Problem description
Leave out the pictures and copy the remaining records exactly.

Data records
· · ·

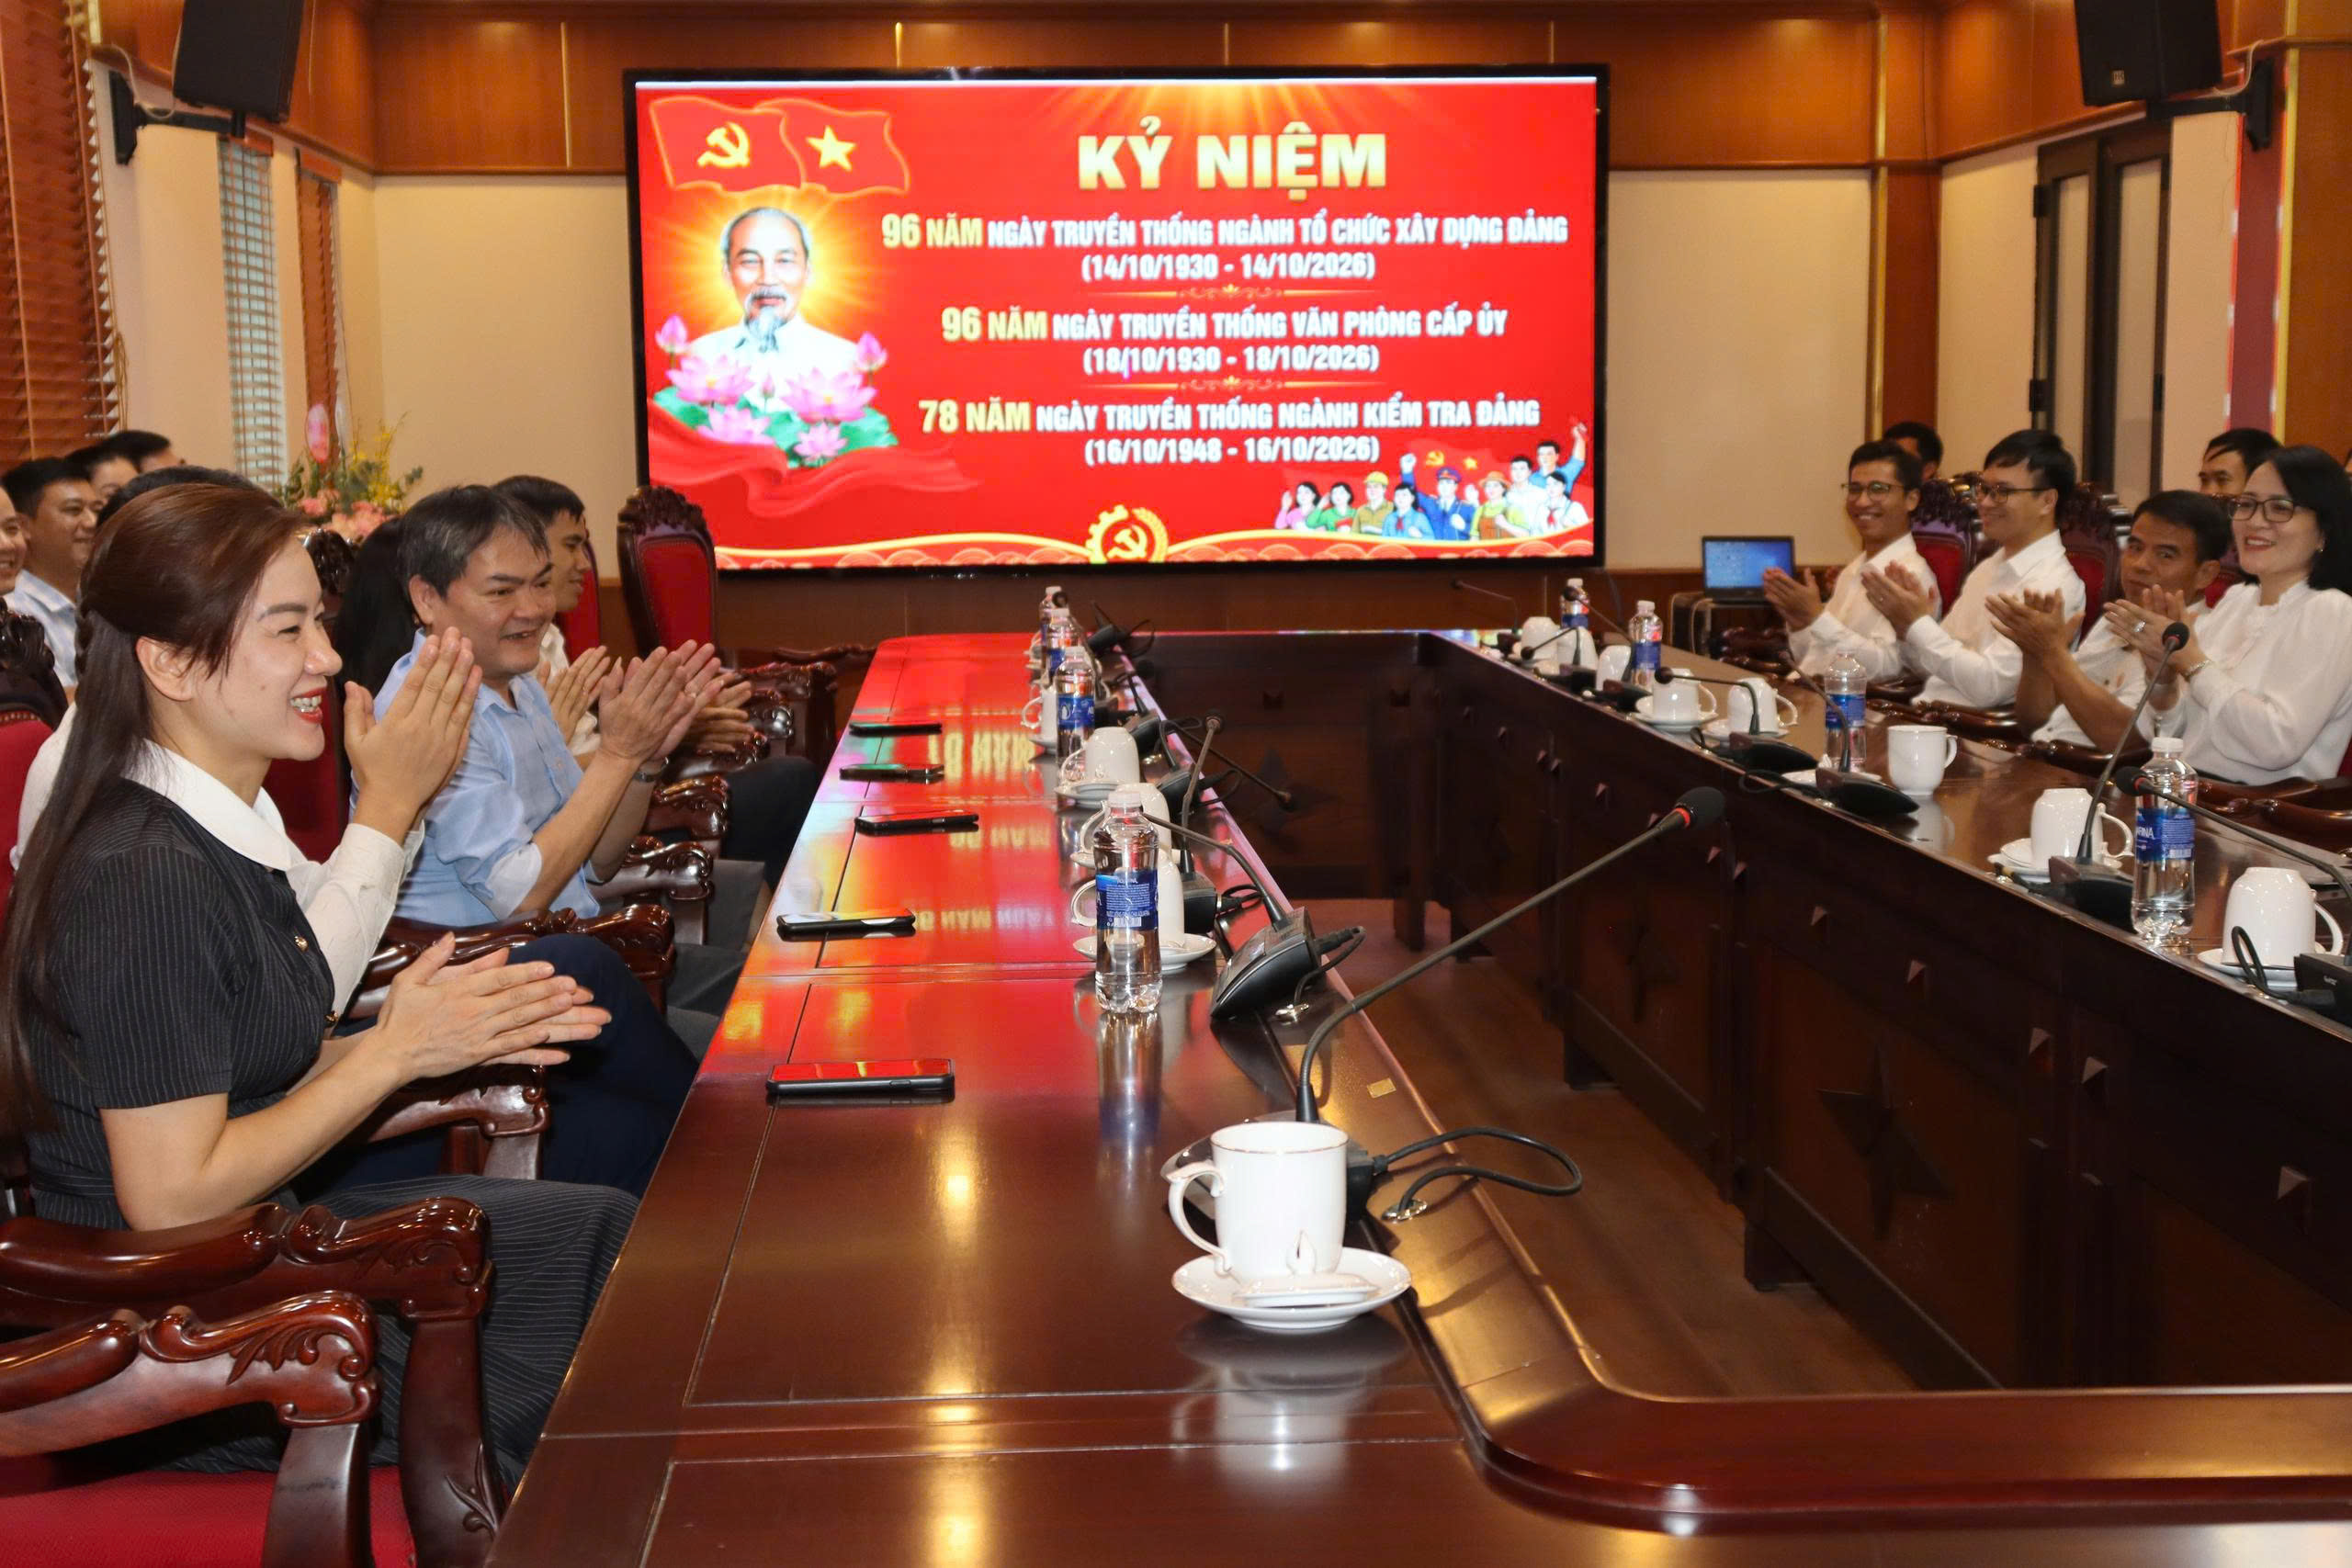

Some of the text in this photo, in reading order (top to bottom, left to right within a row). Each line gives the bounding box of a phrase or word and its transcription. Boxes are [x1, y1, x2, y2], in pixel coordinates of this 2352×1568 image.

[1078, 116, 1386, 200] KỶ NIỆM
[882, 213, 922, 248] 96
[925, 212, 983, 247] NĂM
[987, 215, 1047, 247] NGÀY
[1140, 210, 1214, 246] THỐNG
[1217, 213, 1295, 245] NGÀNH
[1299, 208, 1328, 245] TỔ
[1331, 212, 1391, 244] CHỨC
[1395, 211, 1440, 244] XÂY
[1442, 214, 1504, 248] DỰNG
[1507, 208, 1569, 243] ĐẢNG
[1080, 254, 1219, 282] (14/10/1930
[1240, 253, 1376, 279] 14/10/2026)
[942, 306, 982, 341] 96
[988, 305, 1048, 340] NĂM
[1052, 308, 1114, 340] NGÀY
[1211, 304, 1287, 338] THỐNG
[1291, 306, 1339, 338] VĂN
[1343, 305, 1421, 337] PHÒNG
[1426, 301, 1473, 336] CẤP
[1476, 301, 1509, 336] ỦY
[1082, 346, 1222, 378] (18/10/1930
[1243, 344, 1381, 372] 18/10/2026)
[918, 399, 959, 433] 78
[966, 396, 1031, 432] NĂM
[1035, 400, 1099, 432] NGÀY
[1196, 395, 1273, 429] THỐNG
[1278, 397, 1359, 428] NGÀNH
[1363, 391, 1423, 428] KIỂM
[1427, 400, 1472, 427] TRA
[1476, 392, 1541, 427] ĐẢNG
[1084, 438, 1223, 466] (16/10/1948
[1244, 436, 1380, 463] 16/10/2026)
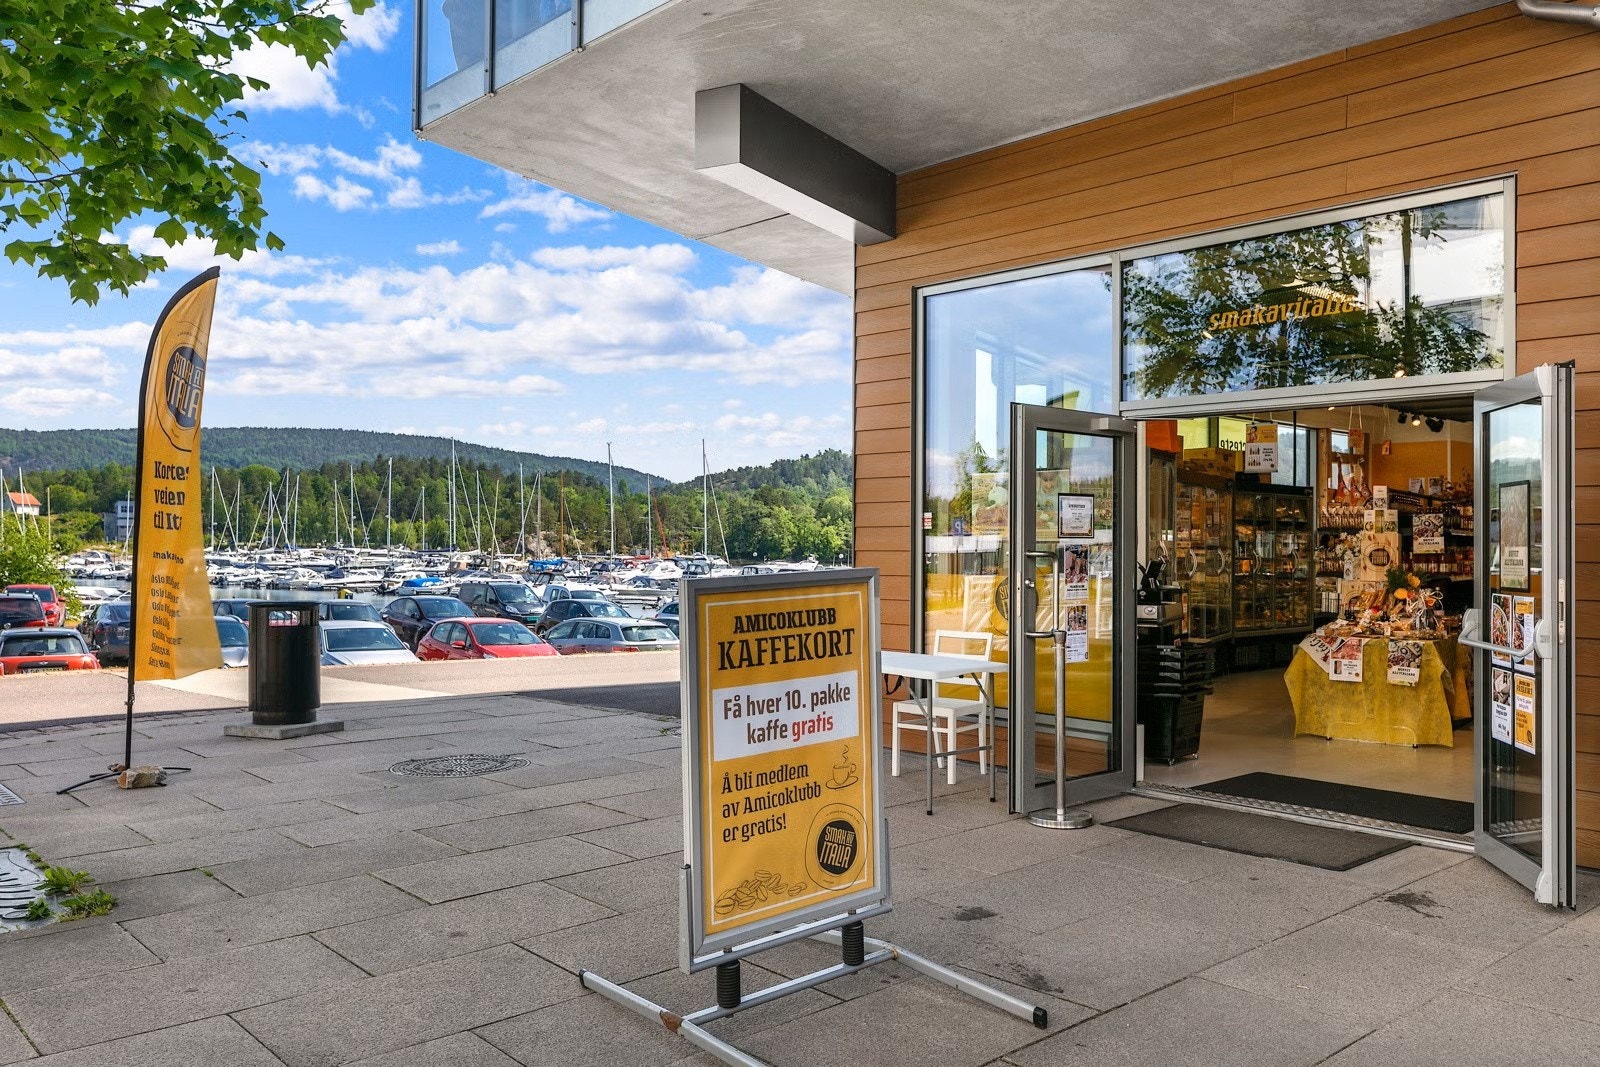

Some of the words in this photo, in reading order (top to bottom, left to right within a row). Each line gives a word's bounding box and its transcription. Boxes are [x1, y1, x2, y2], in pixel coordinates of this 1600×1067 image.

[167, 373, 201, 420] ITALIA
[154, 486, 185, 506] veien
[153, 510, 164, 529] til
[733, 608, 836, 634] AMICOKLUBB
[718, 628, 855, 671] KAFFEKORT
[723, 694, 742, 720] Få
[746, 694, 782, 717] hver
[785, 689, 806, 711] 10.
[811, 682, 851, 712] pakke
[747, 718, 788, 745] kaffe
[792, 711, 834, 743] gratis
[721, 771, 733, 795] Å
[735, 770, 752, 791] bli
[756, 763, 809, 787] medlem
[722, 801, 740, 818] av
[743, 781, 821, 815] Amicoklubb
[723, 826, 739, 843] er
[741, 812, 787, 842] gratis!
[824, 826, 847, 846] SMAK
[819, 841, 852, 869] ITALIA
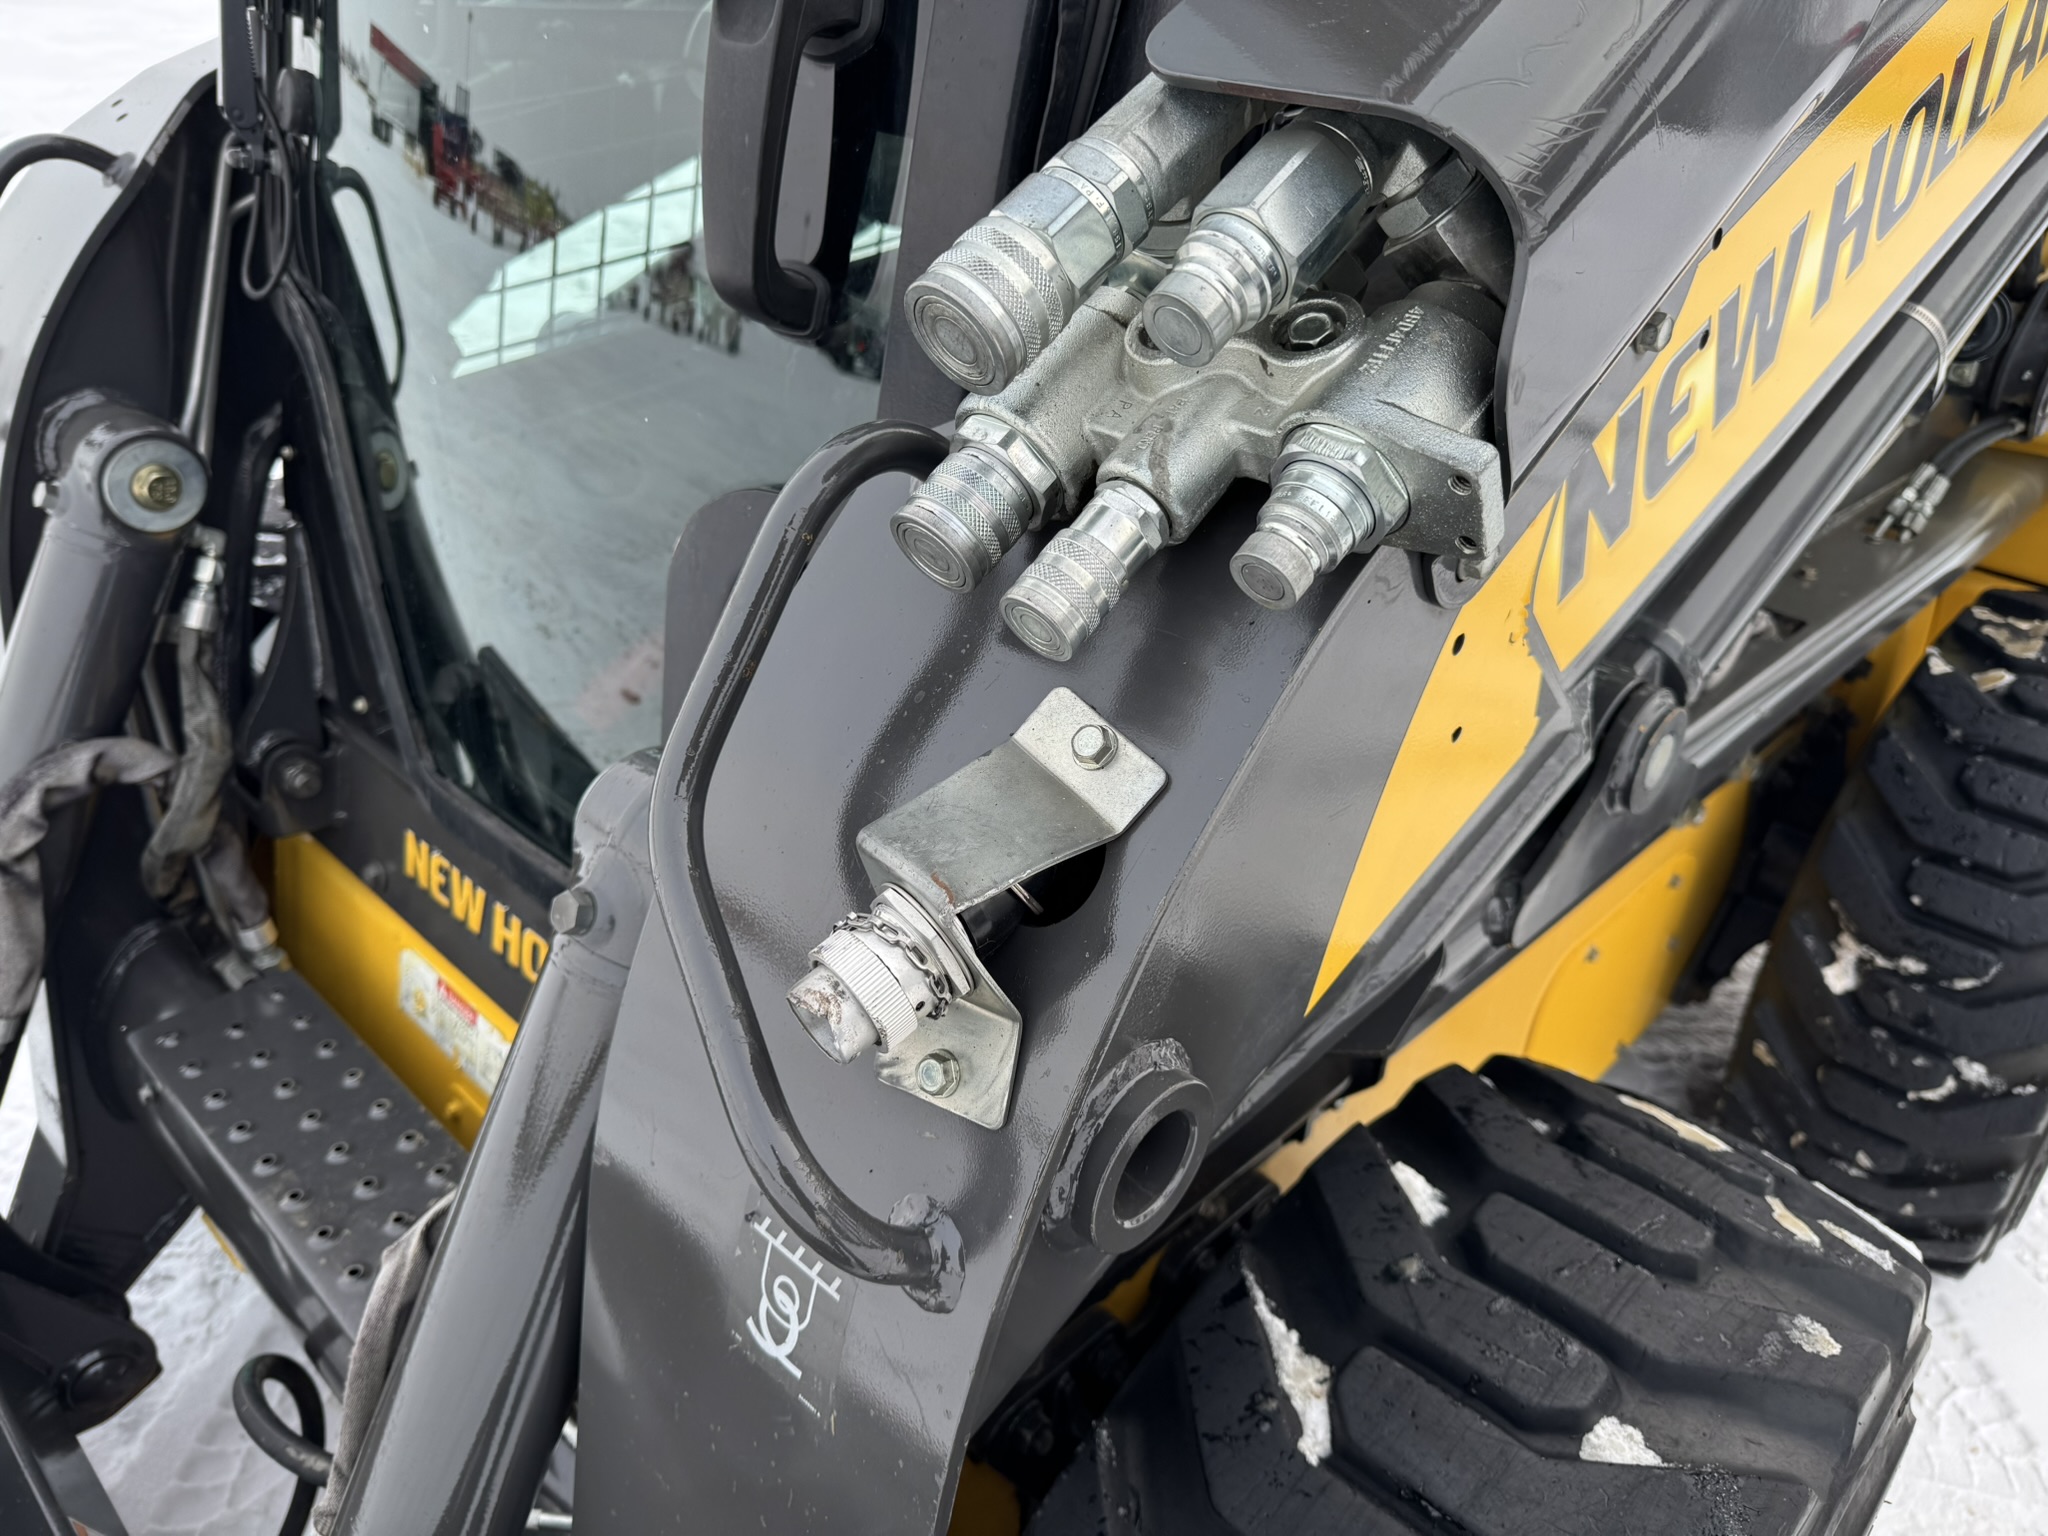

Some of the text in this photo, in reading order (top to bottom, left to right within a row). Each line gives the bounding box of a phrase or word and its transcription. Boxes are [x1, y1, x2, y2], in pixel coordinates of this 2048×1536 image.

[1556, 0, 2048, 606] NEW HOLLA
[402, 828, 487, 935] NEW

· · ·

Solution for this exercise
Some of the text in this photo, in reading order (top to bottom, left to right within a row). Each line gives the bounding box of a phrase or word and its transcription. Boxes are [x1, y1, x2, y2], in pixel coordinates of this 2352×1568 image.

[1078, 116, 1386, 200] KỶ NIỆM
[882, 213, 922, 248] 96
[925, 212, 983, 247] NĂM
[987, 215, 1047, 247] NGÀY
[1140, 210, 1214, 246] THỐNG
[1217, 213, 1295, 245] NGÀNH
[1299, 208, 1328, 245] TỔ
[1331, 212, 1391, 244] CHỨC
[1395, 211, 1440, 244] XÂY
[1442, 214, 1504, 248] DỰNG
[1507, 208, 1569, 243] ĐẢNG
[1080, 254, 1219, 282] (14/10/1930
[1240, 253, 1376, 279] 14/10/2026)
[942, 306, 982, 341] 96
[988, 305, 1048, 340] NĂM
[1052, 308, 1114, 340] NGÀY
[1211, 304, 1287, 338] THỐNG
[1291, 306, 1339, 338] VĂN
[1343, 305, 1421, 337] PHÒNG
[1426, 301, 1473, 336] CẤP
[1476, 301, 1509, 336] ỦY
[1082, 346, 1222, 378] (18/10/1930
[1243, 344, 1381, 372] 18/10/2026)
[918, 399, 959, 433] 78
[966, 396, 1031, 432] NĂM
[1035, 400, 1099, 432] NGÀY
[1196, 395, 1273, 429] THỐNG
[1278, 397, 1359, 428] NGÀNH
[1363, 391, 1423, 428] KIỂM
[1427, 400, 1472, 427] TRA
[1476, 392, 1541, 427] ĐẢNG
[1084, 438, 1223, 466] (16/10/1948
[1244, 436, 1380, 463] 16/10/2026)

Some of the words in this photo, in reading order (top to bottom, left to right within a row). Each line gives a word's bounding box and its transcription. Boxes are [x1, y1, x2, y2], in pixel coordinates of this 1600×1067 image.

[167, 373, 201, 420] ITALIA
[154, 486, 185, 506] veien
[153, 510, 164, 529] til
[733, 608, 836, 634] AMICOKLUBB
[718, 628, 855, 671] KAFFEKORT
[723, 694, 742, 720] Få
[746, 694, 782, 717] hver
[785, 689, 806, 711] 10.
[811, 682, 851, 712] pakke
[747, 718, 788, 745] kaffe
[792, 711, 834, 743] gratis
[721, 771, 733, 795] Å
[735, 770, 752, 791] bli
[756, 763, 809, 787] medlem
[722, 801, 740, 818] av
[743, 781, 821, 815] Amicoklubb
[723, 826, 739, 843] er
[741, 812, 787, 842] gratis!
[824, 826, 847, 846] SMAK
[819, 841, 852, 869] ITALIA

Some of the text in this photo, in reading order (top to bottom, left to right within a row). Each line gives the bounding box of a phrase or word and its transcription. Boxes are [x1, y1, x2, y2], in pixel coordinates of this 2048×1536 image.

[1556, 0, 2048, 606] NEW HOLLA
[402, 828, 487, 935] NEW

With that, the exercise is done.